Aim of the task:
Please retype the data in full and exactly; the pictures are not part of the copy.

Input:
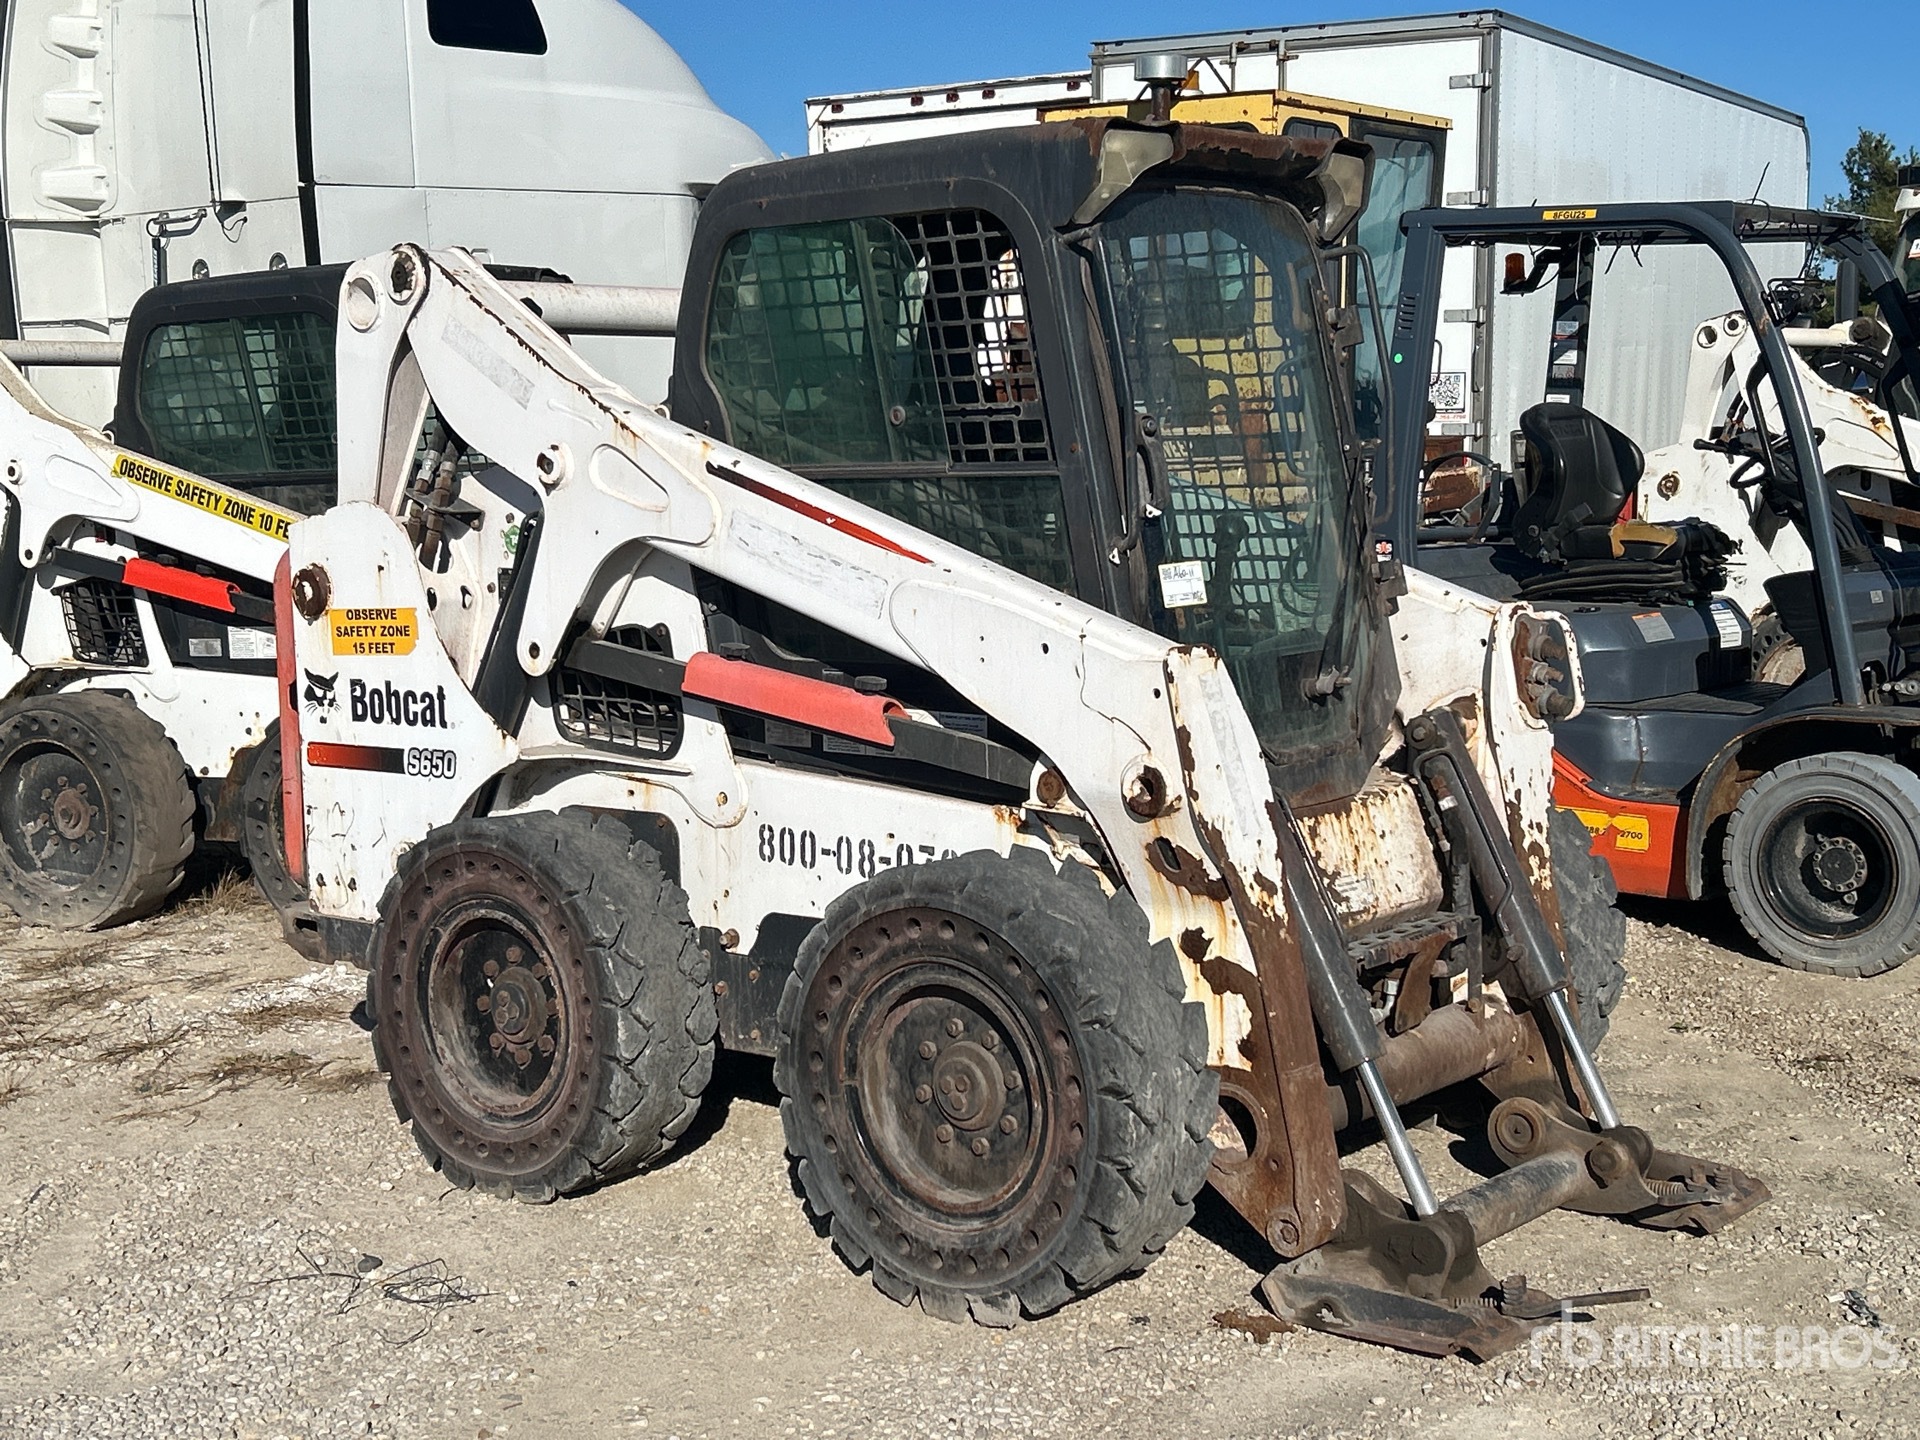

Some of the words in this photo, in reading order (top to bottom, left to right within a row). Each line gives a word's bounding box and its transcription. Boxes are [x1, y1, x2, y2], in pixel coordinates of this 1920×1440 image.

[1552, 210, 1587, 219] 8FGU25
[119, 458, 173, 493] OBSERVE
[174, 479, 222, 511] SAFETY
[223, 498, 256, 525] ZONE
[259, 512, 273, 532] 10
[346, 608, 397, 620] OBSERVE
[336, 625, 377, 638] SAFETY
[380, 625, 410, 637] ZONE
[353, 642, 366, 654] 15
[368, 642, 395, 654] FEET
[350, 678, 448, 729] Bobcat
[407, 747, 457, 779] S650
[758, 823, 958, 880] 800-08-07
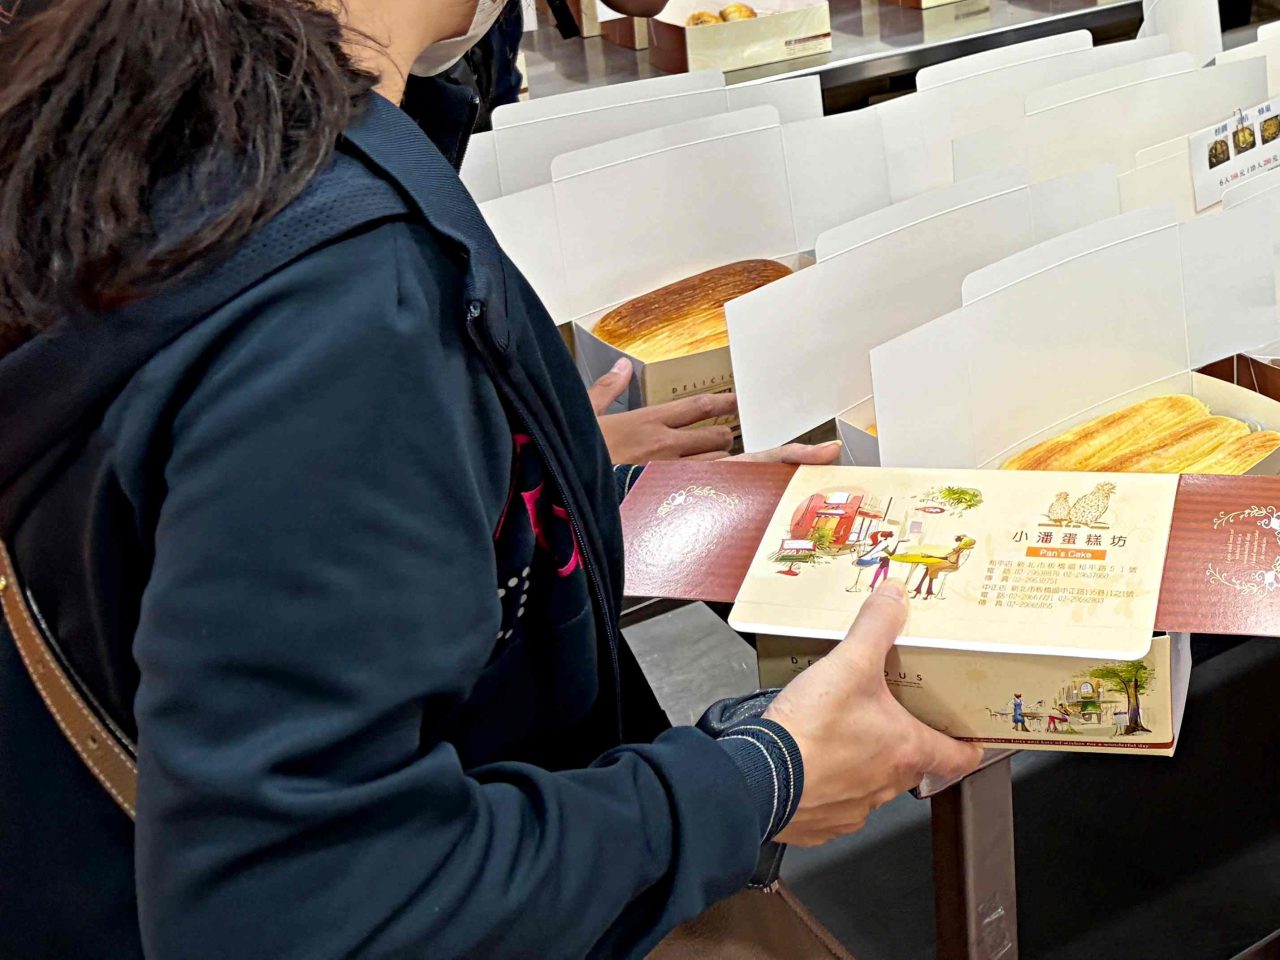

Written reply:
Some of the words in this photo, in reading order (top to bottom, left to right within a row). Each line gives a word's bounding box and its transcription. Boxes are [x1, y1, x2, y2], in pixel coordinates of this 1920×1440 image.

[1552, 210, 1587, 219] 8FGU25
[119, 458, 173, 493] OBSERVE
[174, 479, 222, 511] SAFETY
[223, 498, 256, 525] ZONE
[259, 512, 273, 532] 10
[346, 608, 397, 620] OBSERVE
[336, 625, 377, 638] SAFETY
[380, 625, 410, 637] ZONE
[353, 642, 366, 654] 15
[368, 642, 395, 654] FEET
[350, 678, 448, 729] Bobcat
[407, 747, 457, 779] S650
[758, 823, 958, 880] 800-08-07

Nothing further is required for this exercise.